Quarta-feira, 20 Maio de 2026 - 15:40 | Redação

Porto Velho entrou para 2026 ocupando uma posição desconfortável e simbólica: a de pior capital brasileira para se viver segundo o Índice de Progresso Social (IPS), que avaliou qualidade de vida, acesso a serviços, saneamento, oportunidades e bem-estar social. A capital rondoniense recebeu 58,59 pontos, abaixo da média nacional de 63,40, ficando na última colocação entre todas as capitais e o Distrito Federal.
O dado é duro. E talvez explique por que o prefeito Léo Moraes tenha herdado o maior desafio administrativo entre todas as capitais brasileiras: reconstruir uma cidade que cresceu por décadas sem acompanhar, na mesma velocidade, investimentos em infraestrutura, saneamento e planejamento urbano.
Os números ajudam a dimensionar o tamanho da crise. Apenas 9,89% da população possui acesso ao tratamento de esgoto. Mais da metade dos moradores vive sem água tratada. Porto Velho permanece há dez anos na última posição do ranking de saneamento entre as cem maiores cidades do país.
A deterioração, porém, não nasceu agora. Indicadores urbanos dessa magnitude são resultado acumulado de anos de abandono estrutural, baixa capacidade de investimento e sucessivos passivos administrativos. É justamente nesse cenário que a gestão Léo Moraes tenta construir sua principal narrativa política: transformar a pior capital do Brasil em um canteiro de recuperação urbana.
E o prefeito parece disposto a assumir esse embate de frente.
A atual administração lançou, apenas no primeiro semestre de 2026, uma carteira de quase R$ 200 milhões em obras e licitações.
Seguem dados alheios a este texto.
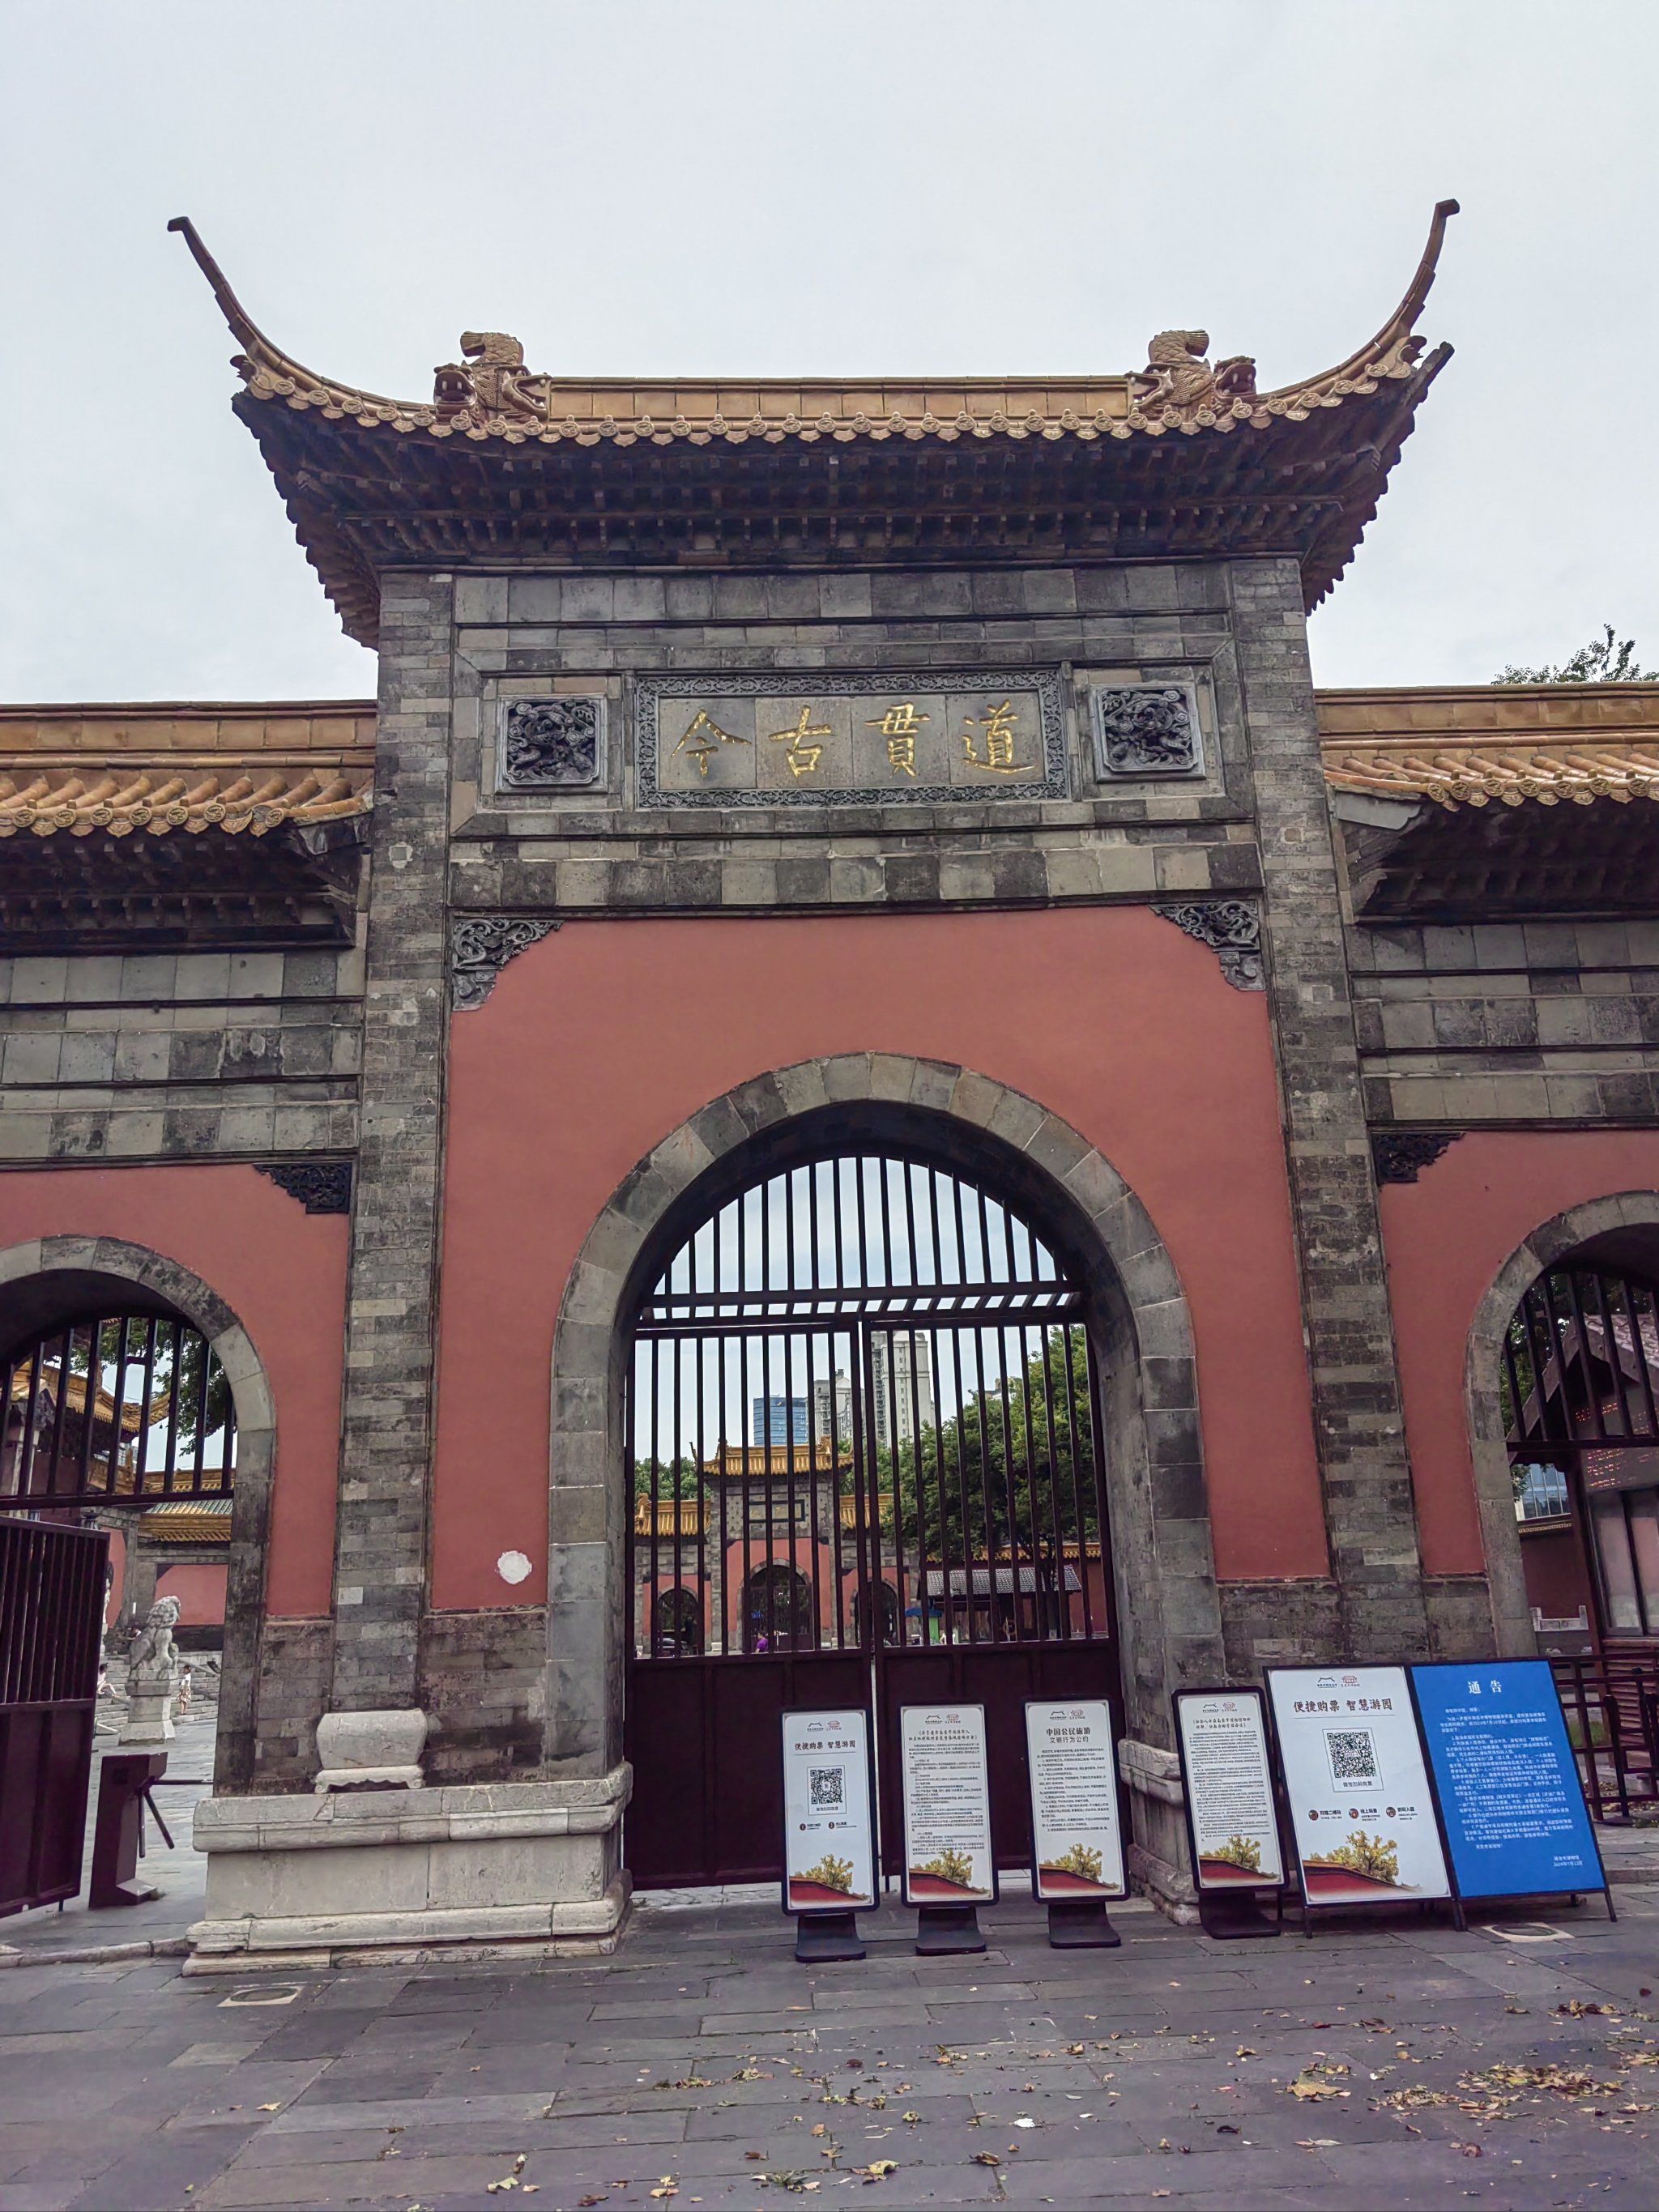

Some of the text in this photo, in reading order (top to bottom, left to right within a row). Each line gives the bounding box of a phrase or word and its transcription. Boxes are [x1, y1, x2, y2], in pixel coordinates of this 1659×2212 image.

[1293, 1698, 1392, 1713] 便捷购票 智慧游园
[1046, 1727, 1090, 1737] 中国公民旅游
[827, 1740, 855, 1749] 智慧游园
[1050, 1736, 1089, 1744] 文明行为公约
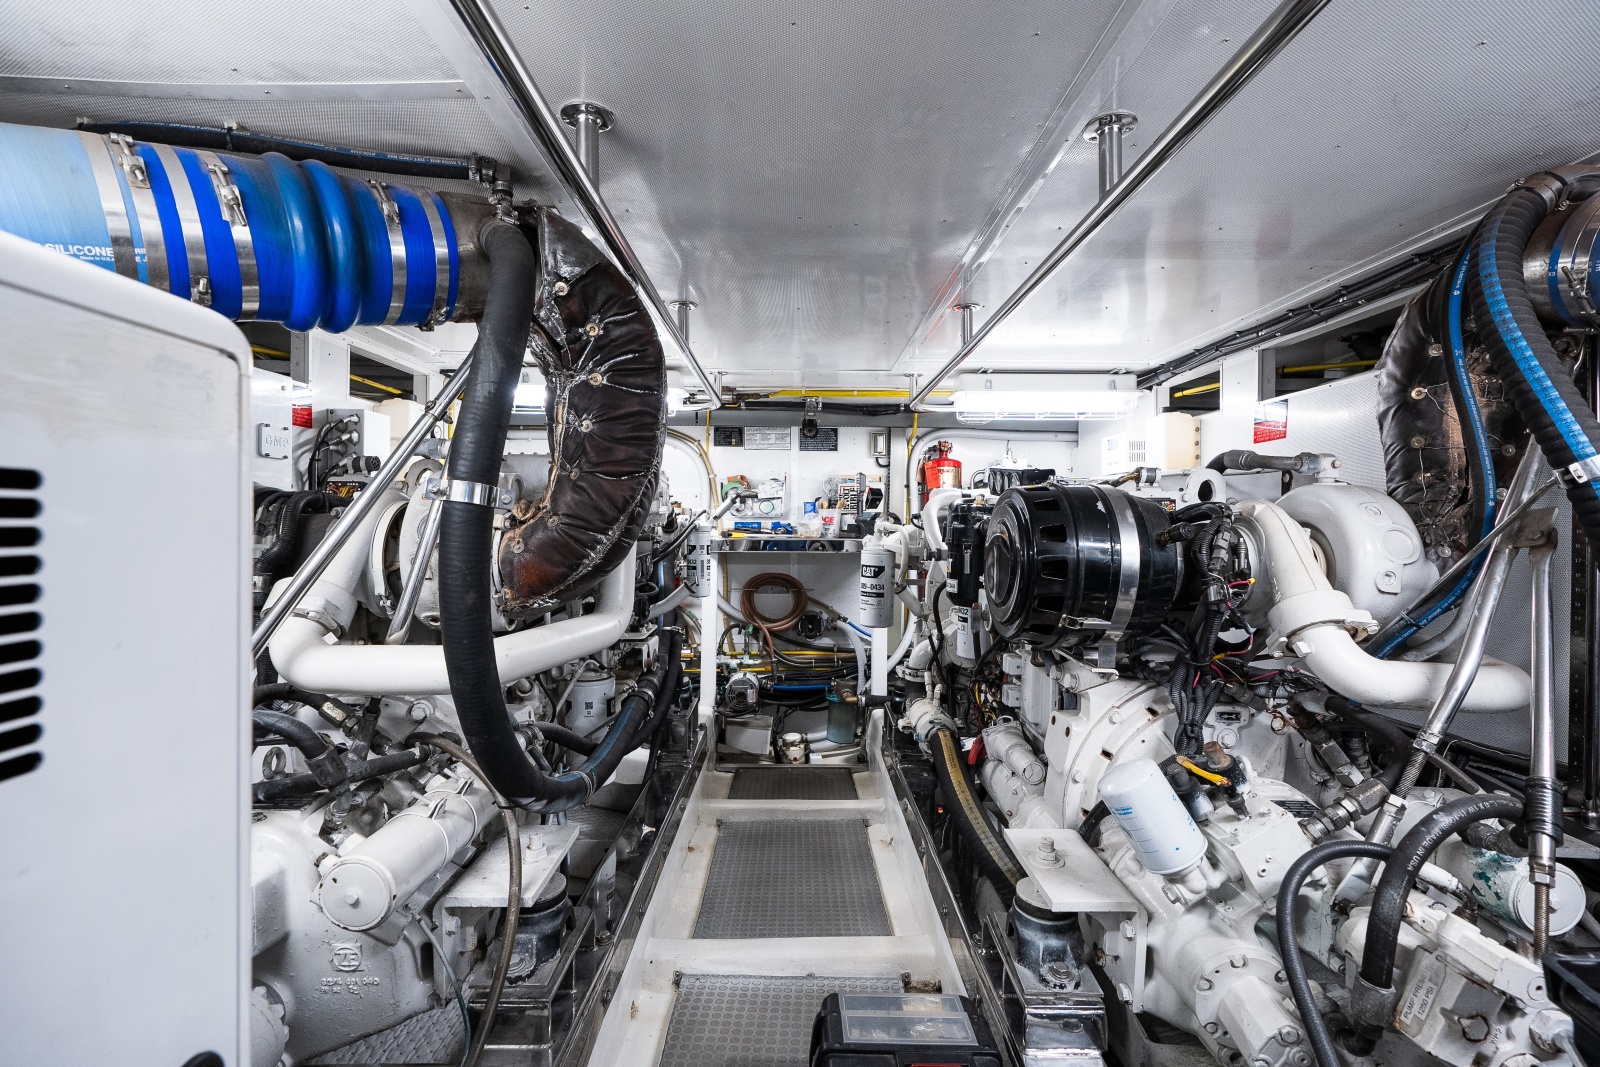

O pacote inclui policlínica, escolas, creches, pavimentação, unidades de saúde, mercado público e a maior aposta da gestão: uma macrodrenagem urbana de R$ 90 milhões voltada ao combate de enchentes e alagamentos.
A estratégia da Prefeitura é clara: transformar planejamento técnico em capital político. Diferentemente de gestões que anunciavam obras de forma genérica, a administração passou a divulgar valores, cronogramas, fontes de recursos e etapas burocráticas de cada projeto.
Mas o desafio de Léo Moraes vai muito além de apresentar projetos. Porto Velho não precisa apenas de anúncios. Precisa de resultado concreto.
A cidade chegou a um ponto em que qualquer erro administrativo custa caro demais. Uma capital com mais de 517 mil habitantes, marcada por drenagem precária, bairros sem saneamento, crescimento desordenado e infraestrutura insuficiente, exige mais do que popularidade ou discurso otimista.
É justamente aí que nasce o tom de desafio que acompanha o atual prefeito: transformar expectativa em entrega. Porque governar a pior capital do Brasil não permite zona de conforto. Obriga velocidade, execução e capacidade de enfrentar problemas históricos que atravessaram diferentes administrações sem solução definitiva.
O IPS revelou a profundidade da crise. Agora, o tempo dirá se Porto Velho começou, de fato, a sair dela.